水を求めるように両手が動き,私のティーカップを探り当てた。
飲みかけのカップに口を付けようとした時,金属の手がウィルの手を抑えた。
グレンがティーカップを取り上げると,いつの間にか持ってきていた水をウィルに差し出す。
「……あー,シーラちゃんは大丈夫なんですか?」
「私の片目は本物だから。
義眼は視神経の接続が厄介だからすぐには使えないんだけど,戦うことは出来る。
いいよねぇ隊長の義手は。旧式だから電気系統がほとんどなくて取り替えなくていいんだってさ」
そういえば射撃場で会った時,マーカスは問題なく腕を扱っていた。
シーラ達にも同じものを使えば良いのにと思ったが,できない事情があるのだろう。
どういう流れなのかわからないが,隣の席でグレンとウィルが腕相撲を始めていた。
「一番厄介なのが,このEMP攻撃みたいなのされるとレールガン機能が使えなくなることなんだよね。

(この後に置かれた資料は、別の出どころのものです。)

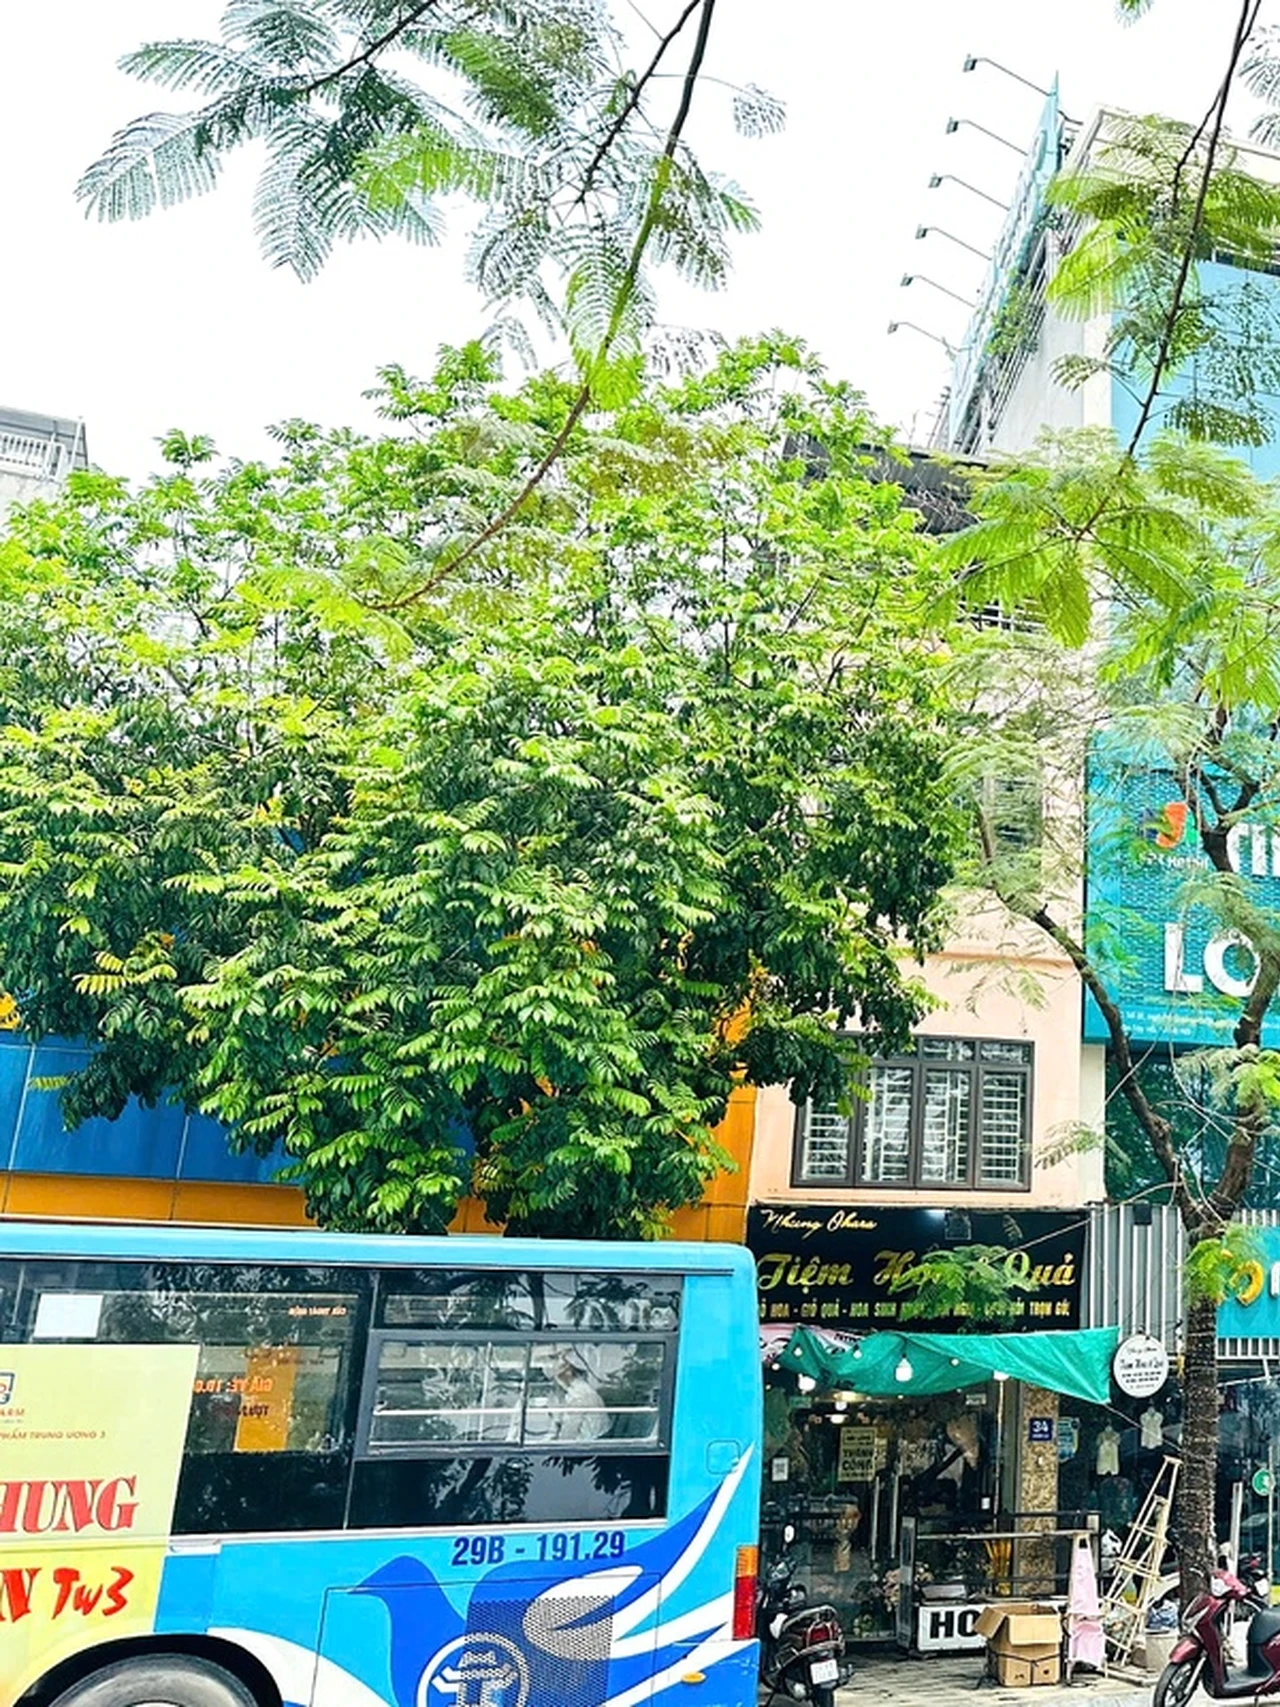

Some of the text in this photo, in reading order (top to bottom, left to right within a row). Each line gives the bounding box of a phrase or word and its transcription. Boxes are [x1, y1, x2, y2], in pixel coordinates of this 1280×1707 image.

基地内にあった銃は無事なんだけど,私たちが使ってたのは廃棄処分だってさ」
「レールガン機能が使えないってなると,ほとんど対抗手段がなくなるんじゃ……」
突然,隣で椅子がひっくり返る。
腕相撲の衝撃でウィルの身体が床に放り投げられたらしい。
「……だから,もしもの時はリッカとグレン頼りになるってワケ」
シーラがウィルを支え,松葉杖を握らせる。
「じゃ。私たちはイガラシのところに行かないといけないから」
「グレンいいか,足があったら俺が勝ってたからな!」
ひらひらと手を振るグレンと共に,食堂を出ていく二人を見守る。
「……どういう流れで腕相撲になったんですか?」
「わからない。適当に頷いていたらああなった」
グレンが最後のひとかけらを口に放り込む。
「私たちも部屋に帰りますか」
「そうだね」
テーブルの上の散らかったものを片付け,食堂を後にした。